In the early 1970's, The Gloucester County Utilities Authority installed a fluidized bed incinerator to burn sewage sludge produced at its sewage treatment facility. At the time of installation, fuel oil prices were below 20¢ per gallon. Capital cost was high, so the installation was designed without heat recovery. Wet sludge was pumped into the fluidized sand bed along with sufficient air and oil to complete the incineration process.

By the mid 1980's sludge production had increased, and the cold windbox model was struggling to keep up. Preheating of the combustion air was used to improve operation and production rate. Unfortunately, the flat metal plate used for the cold fluidizing air distribution system was limited to a preheated air temperature of 700°F. A shell and tube air preheater using the hot flue gas from the incineration process to heat the combustion air was installed. To avoid fouling, the dirty gas passed downwardly through the tubes while the clean air was passed over the outside of the same tubes.

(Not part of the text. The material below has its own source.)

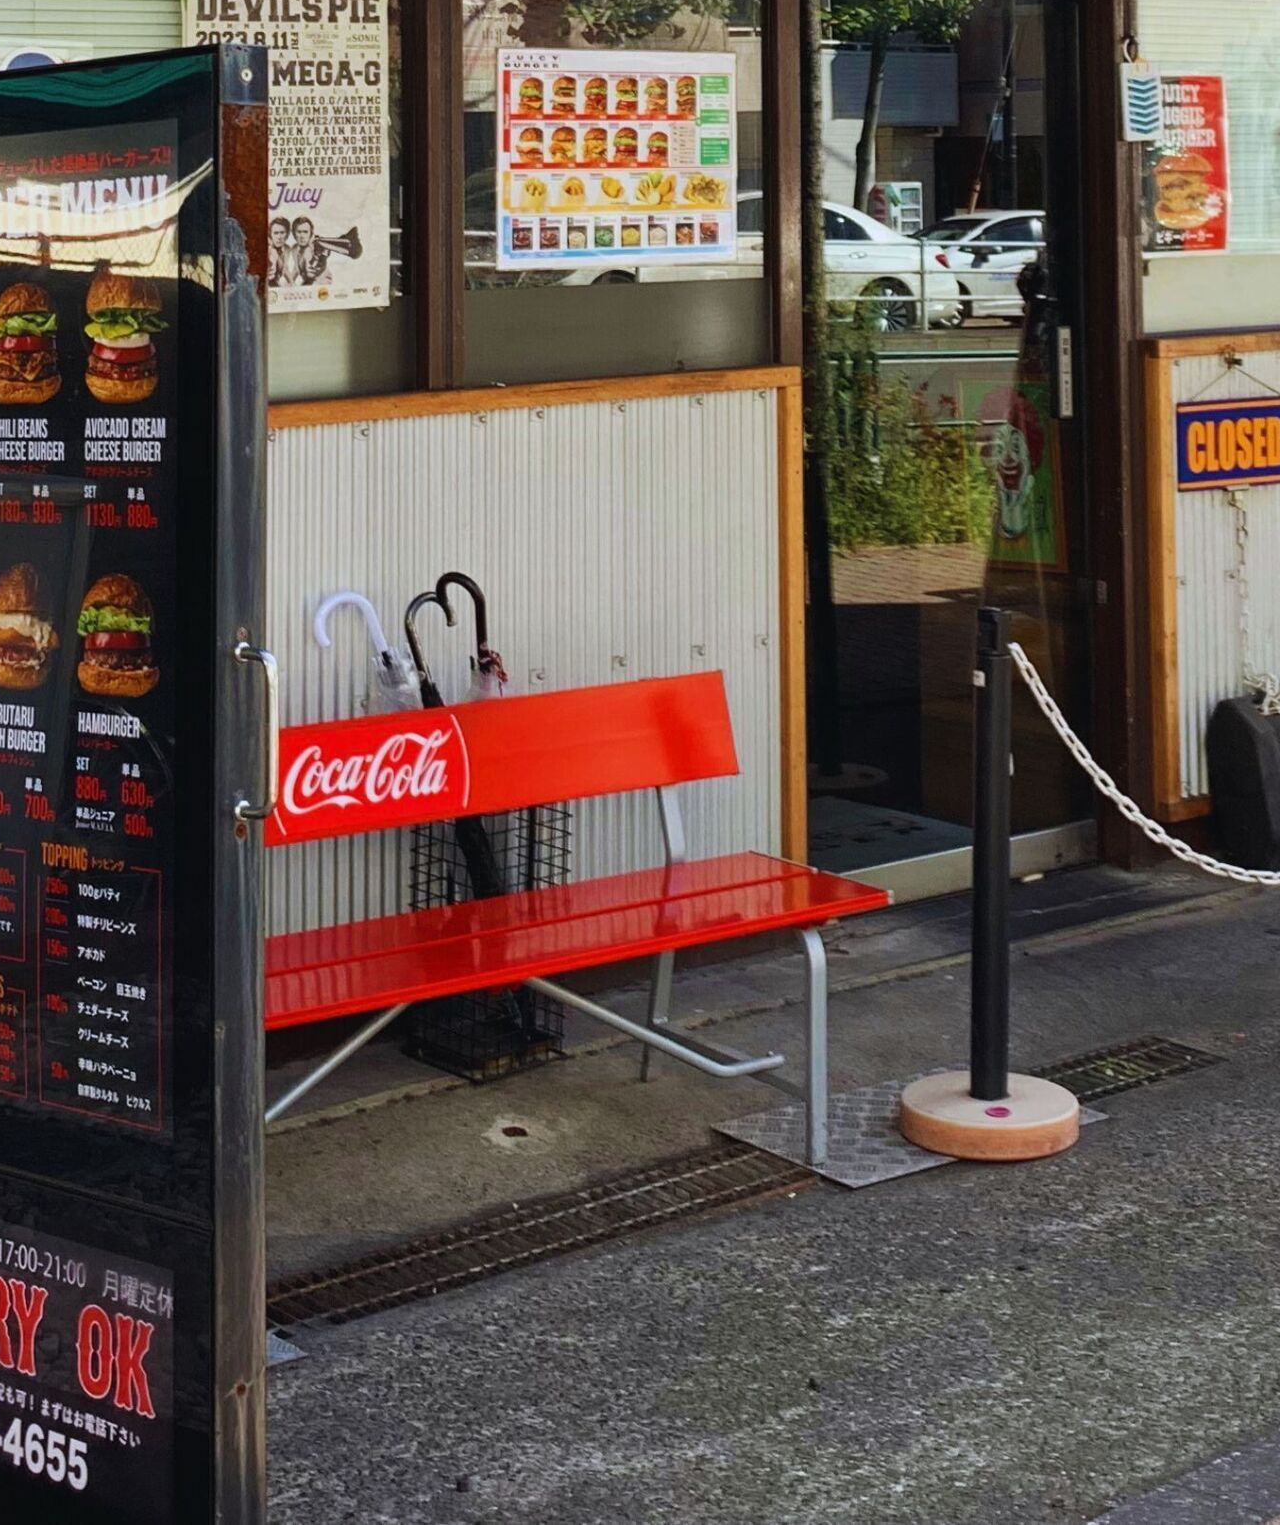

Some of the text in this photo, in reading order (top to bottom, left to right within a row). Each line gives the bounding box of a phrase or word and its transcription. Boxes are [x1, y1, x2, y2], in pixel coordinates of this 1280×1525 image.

In 1998, even greater capacity was needed from this old incinerator. Replacing the metal air distribution plate with a refractory dome or a high alloy metal plate was impractical since the windbox was too short and uninsulated. An air distribution system used for decades in the oil industry was the solution. The petroleum industry uses a set of parallel perforated pipes to introduce reactant gas into the fluid bed catalytic crackers. Adapting this technology to the cold windbox unit was quite successful. The 8'-6” diameter bed section was widened to 9'-0” to allow room for 8 parallel air pipes. Each pipe was perforated along two lines, 22½° from the bottom center line. The pipes were placed at an elevation such that their air discharge was approximately equal to bubble elevation from the original tuyeres. Preheated air is forced down each pipe-tuyere from a common manifold supported from the incinerator shell.

The original metal tuyeres were cut from the plate and the resulting holes welded closed. A layer of insulating castable was applied to the top of the metal plate to protect it from the high temperature of the bed. Several openings were provided to allow air to freely circulate through the abandoned windbox below the metal plate. To increase the preheater air temperature, a taller heat exchanger was installed on the center line of the previous preheater. Minor duct work changes reconnected the flue gas to the venturi scrubber.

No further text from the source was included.